The reply must consist of the complete listing, reproduced exactly, with no images included.

● **DATA RECORDS**:
[Start of Attachment]

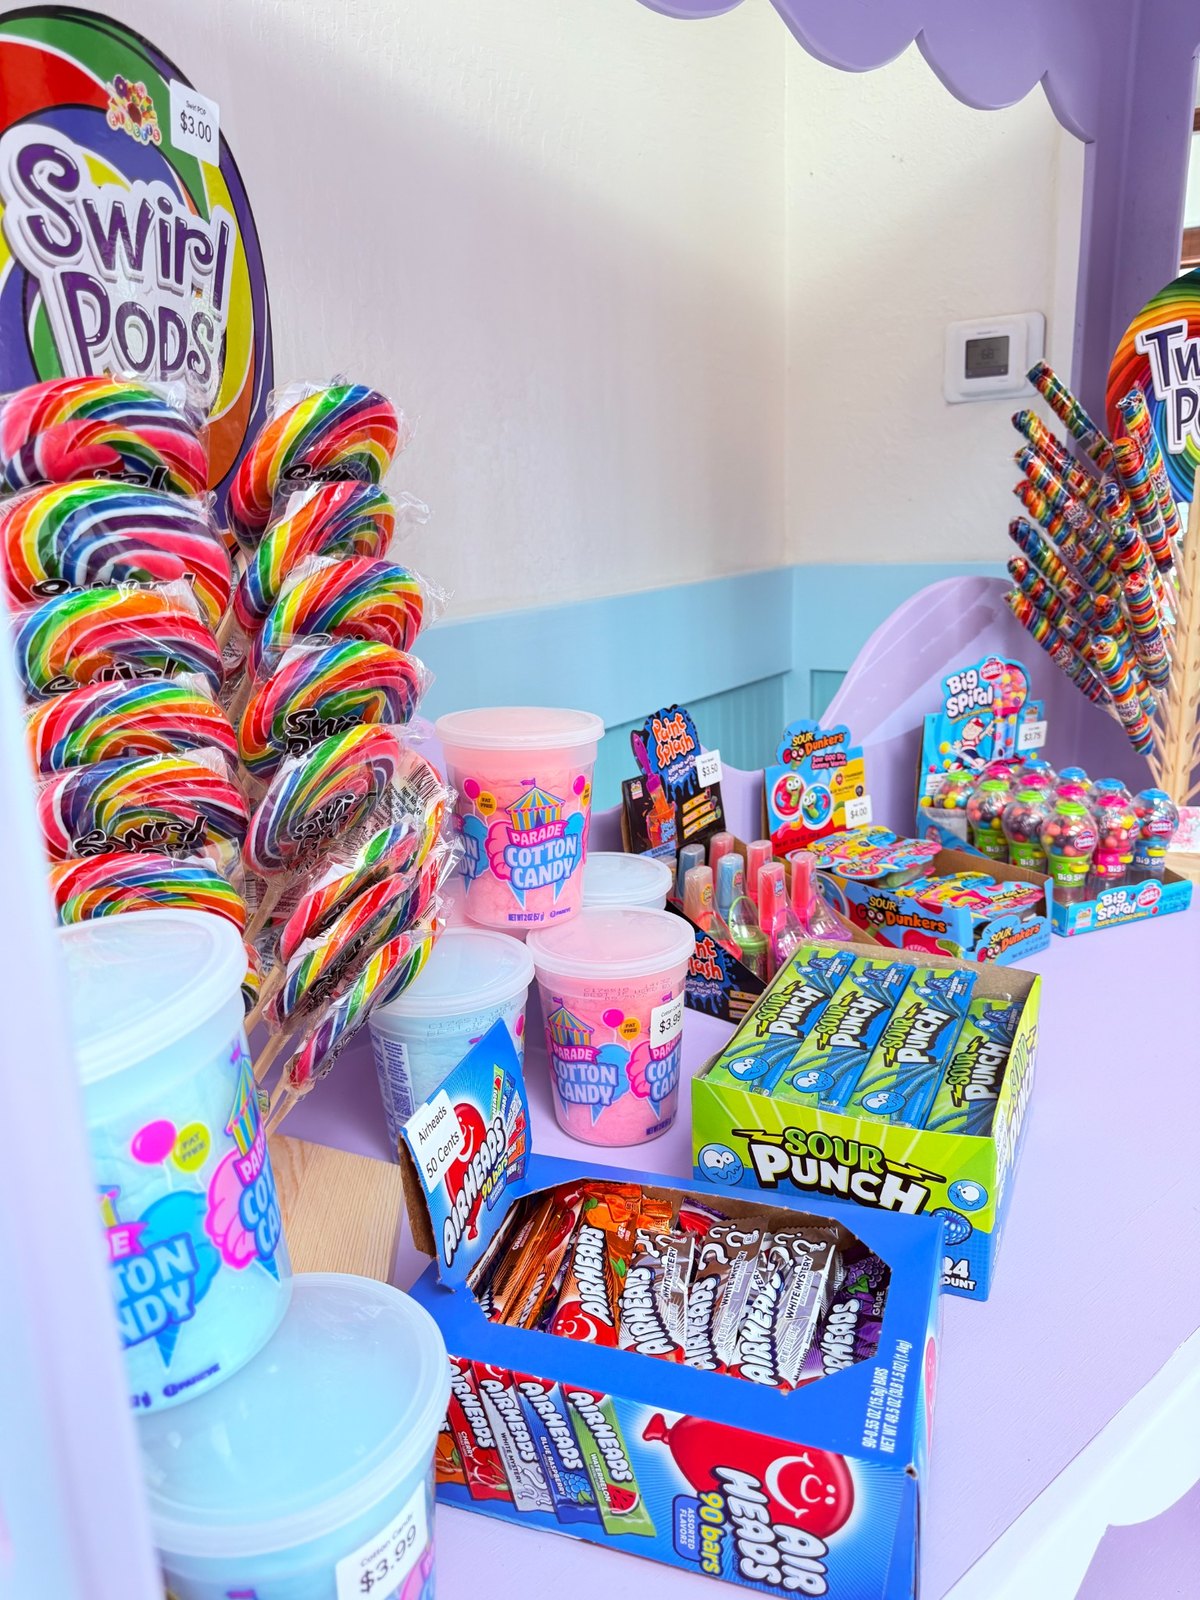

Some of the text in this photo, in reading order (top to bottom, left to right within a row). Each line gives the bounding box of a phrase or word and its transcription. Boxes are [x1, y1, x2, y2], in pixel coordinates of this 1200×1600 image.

[180, 110, 212, 142] $3.00
[16, 142, 229, 312] Swirl
[946, 669, 979, 695] Big
[945, 684, 994, 719] Spiral
[652, 712, 687, 744] Paint
[791, 732, 814, 747] SOUR
[805, 732, 845, 756] Dunkers
[656, 730, 695, 769] Splash
[511, 823, 563, 846] PARADE
[504, 836, 578, 868] COTTON
[513, 857, 574, 889] CANDY
[868, 895, 898, 913] SOUR
[1096, 901, 1137, 922] Spiral
[1100, 890, 1127, 907] Big
[885, 910, 947, 934] Dunkers
[989, 926, 1013, 944] SOUR
[1000, 923, 1041, 954] Dunkers
[688, 956, 724, 981] lash
[659, 1010, 682, 1035] $3.99
[757, 993, 792, 1022] SOUR
[768, 984, 826, 1037] PUNCH
[818, 1004, 850, 1035] SOUR
[829, 995, 887, 1048] PUNCH
[882, 1017, 916, 1049] SOUR
[897, 1006, 951, 1063] PUNCH
[949, 1051, 978, 1086] SOUR
[964, 1041, 1011, 1101] PUNCH
[558, 1078, 614, 1105] CANDY
[181, 1131, 201, 1150] FAT
[417, 1105, 448, 1146] Airheads
[181, 1140, 206, 1163] FREE
[425, 1129, 461, 1180] 50 Cents
[783, 1128, 886, 1173] SOUR
[443, 1116, 506, 1267] AIRHEADS
[481, 1176, 493, 1201] 90
[492, 1156, 508, 1186] bars
[749, 1141, 929, 1216] PUNCH
[113, 1238, 195, 1300] TON
[942, 1275, 977, 1291] OUNT
[721, 1279, 735, 1307] WHITE
[786, 1287, 800, 1320] WHITE
[795, 1255, 814, 1288] MYSTERY
[119, 1280, 193, 1342] NDY
[872, 1366, 889, 1386] BARS
[866, 1408, 881, 1419] OZ
[883, 1407, 900, 1424] 49.5
[886, 1397, 901, 1408] OZ
[480, 1379, 539, 1464] AIRHEADS
[518, 1381, 583, 1470] AIRHEADS
[567, 1391, 634, 1483] AIRHEADS
[882, 1422, 897, 1436] WT
[461, 1431, 474, 1458] CHERRY
[501, 1432, 523, 1484] WHITE MYSTERY
[878, 1435, 896, 1453] NET
[540, 1436, 567, 1497] BLUE RASPBERRY
[589, 1453, 612, 1503] WATERMELON
[679, 1508, 688, 1545] FLAVORS
[687, 1507, 696, 1550] ASSORTED
[700, 1491, 724, 1576] 90 bars
[714, 1466, 783, 1585] HEADS
[360, 1524, 417, 1595] $3.99
[772, 1523, 828, 1596] AIR

[End of Attachment]

● **ANSWER TO THE EXERCISE**:
Some of the text in this photo, in reading order (top to bottom, left to right within a row). Each line gives the bounding box of a phrase or word and its transcription. Boxes are [x1, y1, x2, y2], in pixel coordinates of this 1200×1600 image.

[180, 110, 212, 142] $3.00
[16, 142, 229, 312] Swirl
[946, 669, 979, 695] Big
[945, 684, 994, 719] Spiral
[652, 712, 687, 744] Paint
[791, 732, 814, 747] SOUR
[805, 732, 845, 756] Dunkers
[656, 730, 695, 769] Splash
[511, 823, 563, 846] PARADE
[504, 836, 578, 868] COTTON
[513, 857, 574, 889] CANDY
[868, 895, 898, 913] SOUR
[1096, 901, 1137, 922] Spiral
[1100, 890, 1127, 907] Big
[885, 910, 947, 934] Dunkers
[989, 926, 1013, 944] SOUR
[1000, 923, 1041, 954] Dunkers
[688, 956, 724, 981] lash
[659, 1010, 682, 1035] $3.99
[757, 993, 792, 1022] SOUR
[768, 984, 826, 1037] PUNCH
[818, 1004, 850, 1035] SOUR
[829, 995, 887, 1048] PUNCH
[882, 1017, 916, 1049] SOUR
[897, 1006, 951, 1063] PUNCH
[949, 1051, 978, 1086] SOUR
[964, 1041, 1011, 1101] PUNCH
[558, 1078, 614, 1105] CANDY
[181, 1131, 201, 1150] FAT
[417, 1105, 448, 1146] Airheads
[181, 1140, 206, 1163] FREE
[425, 1129, 461, 1180] 50 Cents
[783, 1128, 886, 1173] SOUR
[443, 1116, 506, 1267] AIRHEADS
[481, 1176, 493, 1201] 90
[492, 1156, 508, 1186] bars
[749, 1141, 929, 1216] PUNCH
[113, 1238, 195, 1300] TON
[942, 1275, 977, 1291] OUNT
[721, 1279, 735, 1307] WHITE
[786, 1287, 800, 1320] WHITE
[795, 1255, 814, 1288] MYSTERY
[119, 1280, 193, 1342] NDY
[872, 1366, 889, 1386] BARS
[866, 1408, 881, 1419] OZ
[883, 1407, 900, 1424] 49.5
[886, 1397, 901, 1408] OZ
[480, 1379, 539, 1464] AIRHEADS
[518, 1381, 583, 1470] AIRHEADS
[567, 1391, 634, 1483] AIRHEADS
[882, 1422, 897, 1436] WT
[461, 1431, 474, 1458] CHERRY
[501, 1432, 523, 1484] WHITE MYSTERY
[878, 1435, 896, 1453] NET
[540, 1436, 567, 1497] BLUE RASPBERRY
[589, 1453, 612, 1503] WATERMELON
[679, 1508, 688, 1545] FLAVORS
[687, 1507, 696, 1550] ASSORTED
[700, 1491, 724, 1576] 90 bars
[714, 1466, 783, 1585] HEADS
[360, 1524, 417, 1595] $3.99
[772, 1523, 828, 1596] AIR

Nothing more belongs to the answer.